Segment Open

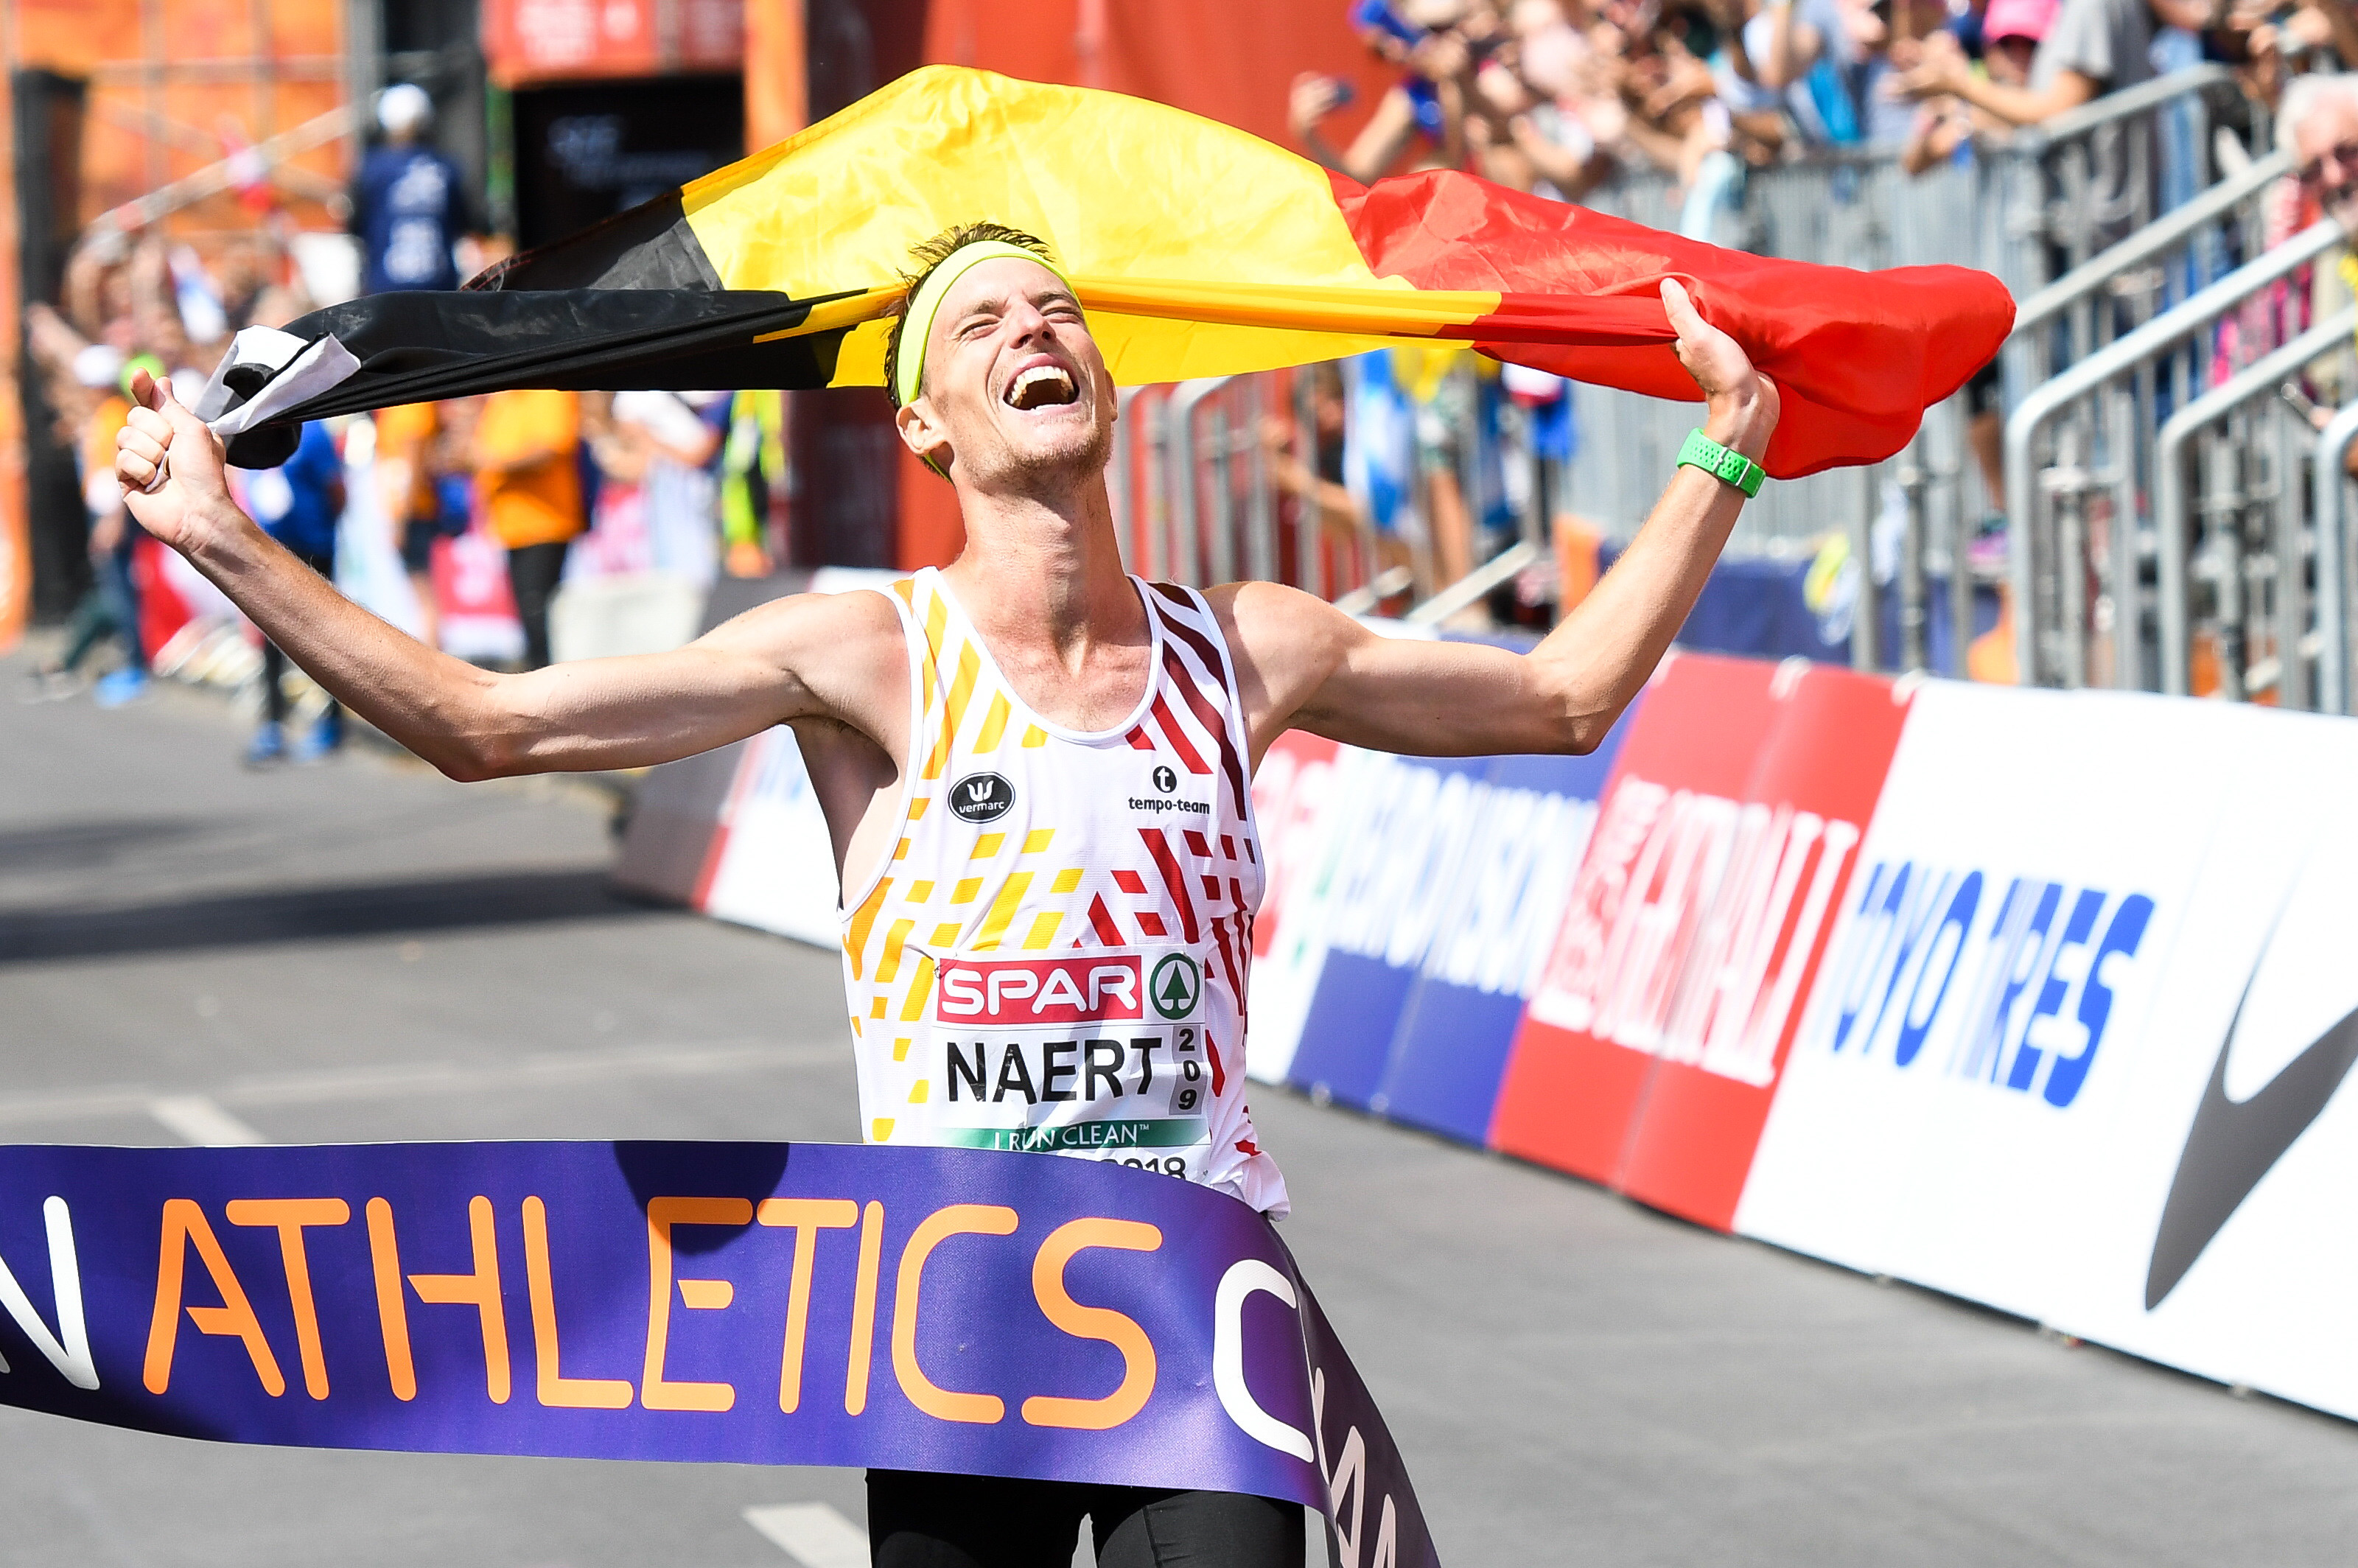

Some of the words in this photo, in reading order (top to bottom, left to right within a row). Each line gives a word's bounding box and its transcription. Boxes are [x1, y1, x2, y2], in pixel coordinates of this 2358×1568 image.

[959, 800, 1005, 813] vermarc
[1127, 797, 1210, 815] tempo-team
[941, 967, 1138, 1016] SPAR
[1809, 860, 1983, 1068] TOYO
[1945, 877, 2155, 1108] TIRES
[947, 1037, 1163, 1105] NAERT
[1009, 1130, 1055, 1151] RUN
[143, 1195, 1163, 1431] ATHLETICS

Segment Closed

(Task instructions)
For this exercise, please reproduce the records above exactly and drop the images.

(Answer to the problem)
Some of the words in this photo, in reading order (top to bottom, left to right within a row). Each line gives a word's bounding box and its transcription. Boxes are [x1, y1, x2, y2], in pixel coordinates of this 2358×1568 image.

[959, 800, 1005, 813] vermarc
[1127, 797, 1210, 815] tempo-team
[941, 967, 1138, 1016] SPAR
[1809, 860, 1983, 1068] TOYO
[1945, 877, 2155, 1108] TIRES
[947, 1037, 1163, 1105] NAERT
[1009, 1130, 1055, 1151] RUN
[143, 1195, 1163, 1431] ATHLETICS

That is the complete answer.